START Records to process
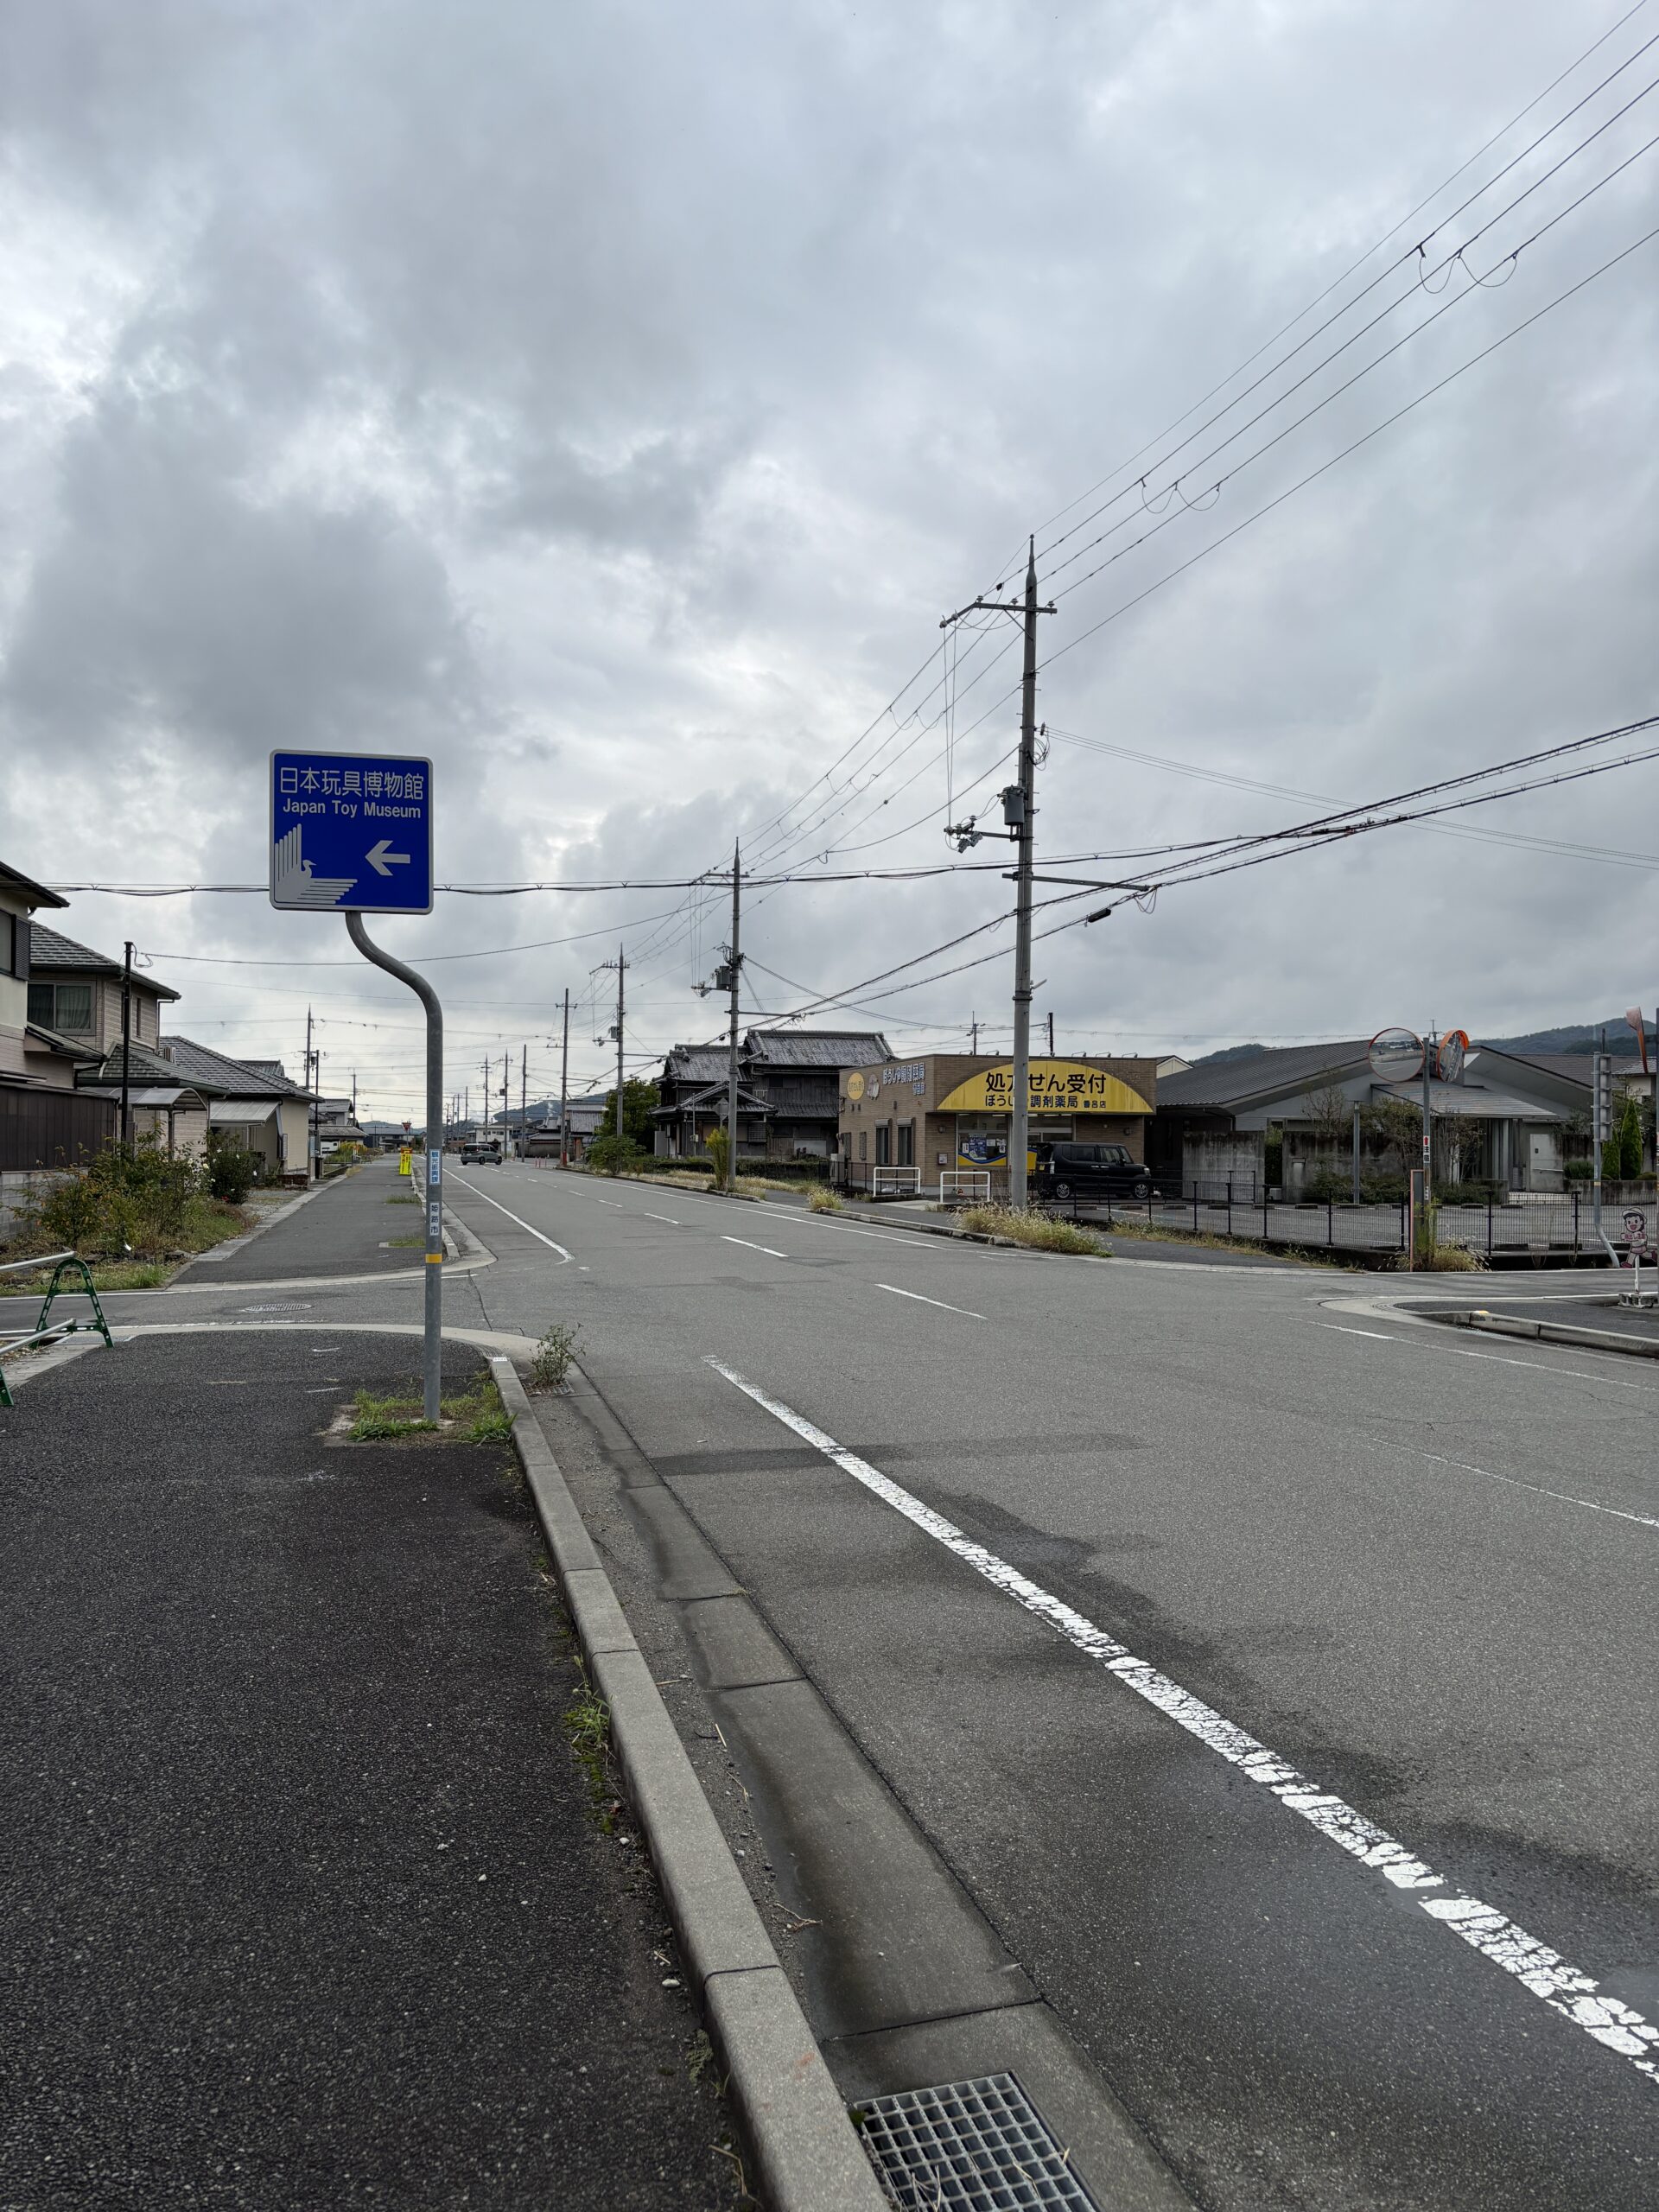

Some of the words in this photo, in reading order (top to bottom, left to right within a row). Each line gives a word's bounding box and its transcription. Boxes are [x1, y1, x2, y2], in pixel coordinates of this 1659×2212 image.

[280, 766, 424, 800] 日本玩具博物館
[283, 798, 326, 817] Japan
[332, 800, 358, 818] Toy
[364, 801, 421, 819] Museum
[985, 1094, 1078, 1109] ぼうし調剤薬局
END Records to process
▶ [What you are asked to do] Without the pictures, return the entries exactly as they appear.

▶ [Answer space]
Some of the words in this photo, in reading order (top to bottom, left to right within a row). Each line gives a word's bounding box and its transcription. Boxes are [x1, y1, x2, y2], in pixel coordinates of this 1659×2212 image.

[280, 766, 424, 800] 日本玩具博物館
[283, 798, 326, 817] Japan
[332, 800, 358, 818] Toy
[364, 801, 421, 819] Museum
[985, 1094, 1078, 1109] ぼうし調剤薬局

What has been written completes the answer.